BACA JUGA:DLH Mukomuko Rancang Skema Penggelolaan Sampah
BACA JUGA:Bantuan Seragam Gratis di Benteng Diserahkan, Ini Jumlah Siswa Penerimanya
"PT TUMS bukan hanya pelanggaran soal perizinan saja, terhadap karyawan juga melakukan pelanggaran karena semena-mena. Bahkan memberhentikan karyawan saja cukup lewat WhatsApp," tegas Edwar Samsi.
Dengan berbagai indikasi pelanggaran management PT TUMS ujar Edwar, sudah seharusnya APH melakukan tindak tegas.

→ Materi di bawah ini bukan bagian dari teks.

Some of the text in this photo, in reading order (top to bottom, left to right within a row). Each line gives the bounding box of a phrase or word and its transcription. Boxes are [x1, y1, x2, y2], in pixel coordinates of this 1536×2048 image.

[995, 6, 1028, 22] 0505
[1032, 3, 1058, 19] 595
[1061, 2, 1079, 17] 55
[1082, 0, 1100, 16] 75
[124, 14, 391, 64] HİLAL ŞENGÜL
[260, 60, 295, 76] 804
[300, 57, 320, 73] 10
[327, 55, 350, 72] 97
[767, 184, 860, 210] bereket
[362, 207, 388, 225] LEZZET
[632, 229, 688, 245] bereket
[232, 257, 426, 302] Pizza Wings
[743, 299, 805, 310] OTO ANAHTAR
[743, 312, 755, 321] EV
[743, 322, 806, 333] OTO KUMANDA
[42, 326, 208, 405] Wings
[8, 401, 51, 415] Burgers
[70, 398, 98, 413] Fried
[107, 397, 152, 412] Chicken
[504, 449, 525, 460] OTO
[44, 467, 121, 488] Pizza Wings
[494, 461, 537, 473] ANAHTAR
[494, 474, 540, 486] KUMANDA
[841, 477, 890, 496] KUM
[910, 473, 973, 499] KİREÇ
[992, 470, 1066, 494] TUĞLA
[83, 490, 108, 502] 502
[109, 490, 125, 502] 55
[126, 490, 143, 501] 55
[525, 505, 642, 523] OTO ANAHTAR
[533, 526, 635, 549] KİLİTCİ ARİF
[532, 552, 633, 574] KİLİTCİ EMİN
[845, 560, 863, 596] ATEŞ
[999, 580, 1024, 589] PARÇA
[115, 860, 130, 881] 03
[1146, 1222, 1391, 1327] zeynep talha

Agar tidak ada perusahaan atau pengusaha yang berinvestasi di Provinsi Bengkulu khususnya Kabupaten Kepahiang yang menanggap remah aturan hukum yang ada di negara ini.
"Dengan sederet indikasi pelanggaran, sudah seharusnya ditindak," ucapnya.
Bupati Kepahiang H Zurdi Nata SIP mempertegas dugaan pelanggaran yang dilakukan PT TUMS. Kondisi itu terlihat jelas dengan habisnya HGU lahan 116 hektar hektar yang sudah berakhir izinnya sejak tahun 2021 lalu. Sampai sekarang PT TUMS tidak memiliki izin perpanjangan HGU, akan tetapi lahan tersebut hingga sekarang masih di kuasai oleh pengusaha asal Taiwan yang mengelola perkebunan teh.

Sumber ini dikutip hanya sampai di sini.